== Given records
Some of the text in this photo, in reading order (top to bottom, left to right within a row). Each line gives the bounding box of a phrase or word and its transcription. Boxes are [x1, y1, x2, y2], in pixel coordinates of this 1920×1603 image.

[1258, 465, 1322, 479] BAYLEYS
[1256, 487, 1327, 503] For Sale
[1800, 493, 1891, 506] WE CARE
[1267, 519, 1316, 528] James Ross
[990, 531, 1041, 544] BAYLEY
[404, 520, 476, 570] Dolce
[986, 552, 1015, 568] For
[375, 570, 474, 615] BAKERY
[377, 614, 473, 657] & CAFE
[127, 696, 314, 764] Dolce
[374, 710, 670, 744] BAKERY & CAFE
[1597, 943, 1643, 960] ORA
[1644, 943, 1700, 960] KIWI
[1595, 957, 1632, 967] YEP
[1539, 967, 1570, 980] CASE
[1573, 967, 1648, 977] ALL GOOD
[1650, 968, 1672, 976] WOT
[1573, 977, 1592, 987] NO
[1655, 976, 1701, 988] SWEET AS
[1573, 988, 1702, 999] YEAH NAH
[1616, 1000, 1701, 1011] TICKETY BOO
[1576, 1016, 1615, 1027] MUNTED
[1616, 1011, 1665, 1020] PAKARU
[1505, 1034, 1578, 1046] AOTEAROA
====
● Problem statement:
Your job is to copy all the records exactly.

● Task result:
Some of the text in this photo, in reading order (top to bottom, left to right within a row). Each line gives the bounding box of a phrase or word and its transcription. Boxes are [x1, y1, x2, y2], in pixel coordinates of this 1920×1603 image.

[1258, 465, 1322, 479] BAYLEYS
[1256, 487, 1327, 503] For Sale
[1800, 493, 1891, 506] WE CARE
[1267, 519, 1316, 528] James Ross
[990, 531, 1041, 544] BAYLEY
[404, 520, 476, 570] Dolce
[986, 552, 1015, 568] For
[375, 570, 474, 615] BAKERY
[377, 614, 473, 657] & CAFE
[127, 696, 314, 764] Dolce
[374, 710, 670, 744] BAKERY & CAFE
[1597, 943, 1643, 960] ORA
[1644, 943, 1700, 960] KIWI
[1595, 957, 1632, 967] YEP
[1539, 967, 1570, 980] CASE
[1573, 967, 1648, 977] ALL GOOD
[1650, 968, 1672, 976] WOT
[1573, 977, 1592, 987] NO
[1655, 976, 1701, 988] SWEET AS
[1573, 988, 1702, 999] YEAH NAH
[1616, 1000, 1701, 1011] TICKETY BOO
[1576, 1016, 1615, 1027] MUNTED
[1616, 1011, 1665, 1020] PAKARU
[1505, 1034, 1578, 1046] AOTEAROA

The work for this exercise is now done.